● YOUR INSTRUCTIONS:
The entries are to be given again in full. Every word must match.

● EXERCISE INPUT:
--- START ---
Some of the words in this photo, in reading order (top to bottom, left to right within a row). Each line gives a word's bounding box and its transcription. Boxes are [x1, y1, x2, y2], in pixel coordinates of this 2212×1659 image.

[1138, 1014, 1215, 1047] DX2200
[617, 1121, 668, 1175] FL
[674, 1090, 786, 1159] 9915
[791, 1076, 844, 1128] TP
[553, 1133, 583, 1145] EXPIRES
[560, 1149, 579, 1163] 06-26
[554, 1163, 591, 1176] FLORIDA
--- END ---
● EXERCISE OUTPUT:
Some of the words in this photo, in reading order (top to bottom, left to right within a row). Each line gives a word's bounding box and its transcription. Boxes are [x1, y1, x2, y2], in pixel coordinates of this 2212×1659 image.

[1138, 1014, 1215, 1047] DX2200
[617, 1121, 668, 1175] FL
[674, 1090, 786, 1159] 9915
[791, 1076, 844, 1128] TP
[553, 1133, 583, 1145] EXPIRES
[560, 1149, 579, 1163] 06-26
[554, 1163, 591, 1176] FLORIDA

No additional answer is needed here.